=== TASK PROMPT ===
Please reproduce the data exactly, though every picture must stay out.

(Referring expression grounding data)
▶
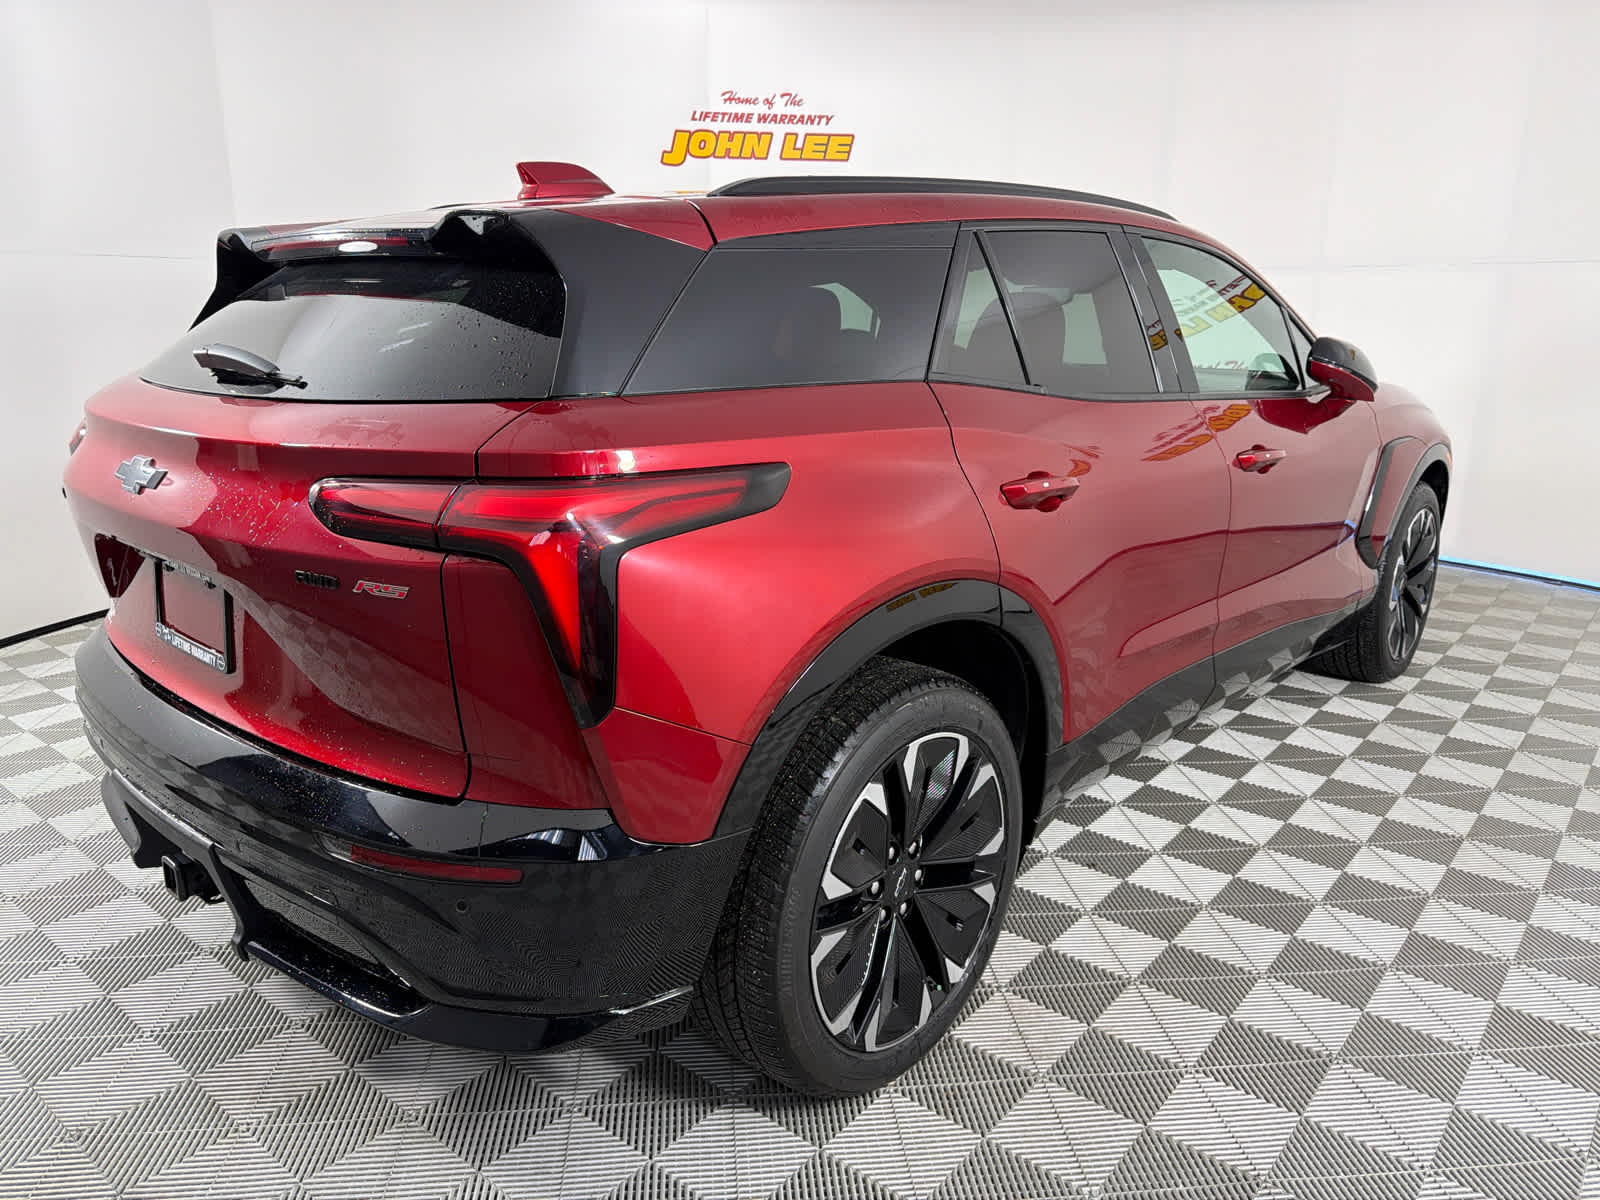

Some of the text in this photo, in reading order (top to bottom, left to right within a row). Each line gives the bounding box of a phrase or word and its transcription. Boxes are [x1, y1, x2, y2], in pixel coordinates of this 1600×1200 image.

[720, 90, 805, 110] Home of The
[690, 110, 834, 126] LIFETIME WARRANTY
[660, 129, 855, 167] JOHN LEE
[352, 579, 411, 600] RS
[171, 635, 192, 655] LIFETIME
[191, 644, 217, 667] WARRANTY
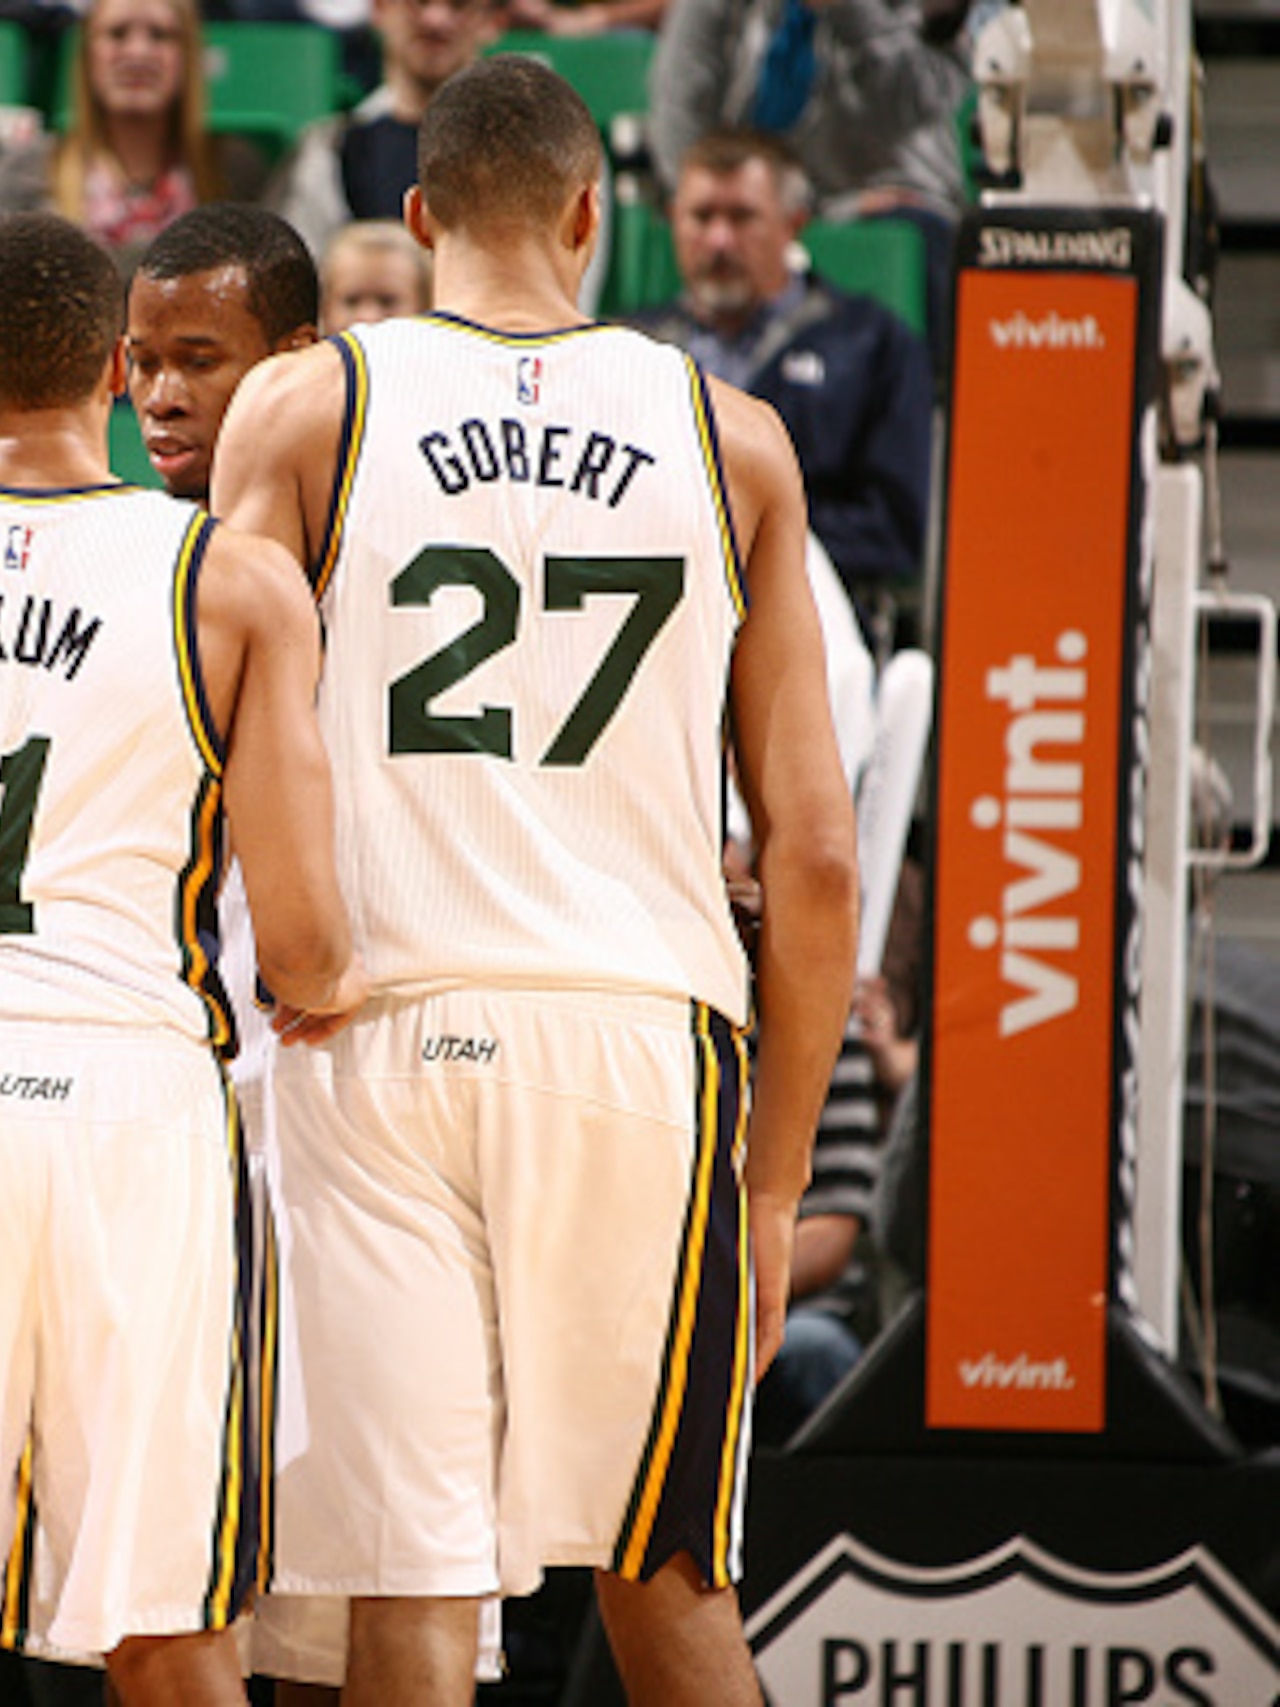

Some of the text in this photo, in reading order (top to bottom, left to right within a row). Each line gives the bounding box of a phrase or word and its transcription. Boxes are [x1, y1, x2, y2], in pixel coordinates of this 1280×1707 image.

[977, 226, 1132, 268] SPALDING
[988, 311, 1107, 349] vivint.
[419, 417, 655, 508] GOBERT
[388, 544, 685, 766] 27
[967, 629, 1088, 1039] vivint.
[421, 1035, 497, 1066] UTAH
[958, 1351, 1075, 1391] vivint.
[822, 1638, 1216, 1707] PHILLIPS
◀
=== SOLUTION TO THIS EXERCISE ===
Some of the text in this photo, in reading order (top to bottom, left to right within a row). Each line gives the bounding box of a phrase or word and its transcription. Boxes are [x1, y1, x2, y2], in pixel coordinates of this 1600×1200 image.

[720, 90, 805, 110] Home of The
[690, 110, 834, 126] LIFETIME WARRANTY
[660, 129, 855, 167] JOHN LEE
[352, 579, 411, 600] RS
[171, 635, 192, 655] LIFETIME
[191, 644, 217, 667] WARRANTY

Some of the text in this photo, in reading order (top to bottom, left to right within a row). Each line gives the bounding box of a phrase or word and its transcription. Boxes are [x1, y1, x2, y2], in pixel coordinates of this 1280×1707 image.

[977, 226, 1132, 268] SPALDING
[988, 311, 1107, 349] vivint.
[419, 417, 655, 508] GOBERT
[388, 544, 685, 766] 27
[967, 629, 1088, 1039] vivint.
[421, 1035, 497, 1066] UTAH
[958, 1351, 1075, 1391] vivint.
[822, 1638, 1216, 1707] PHILLIPS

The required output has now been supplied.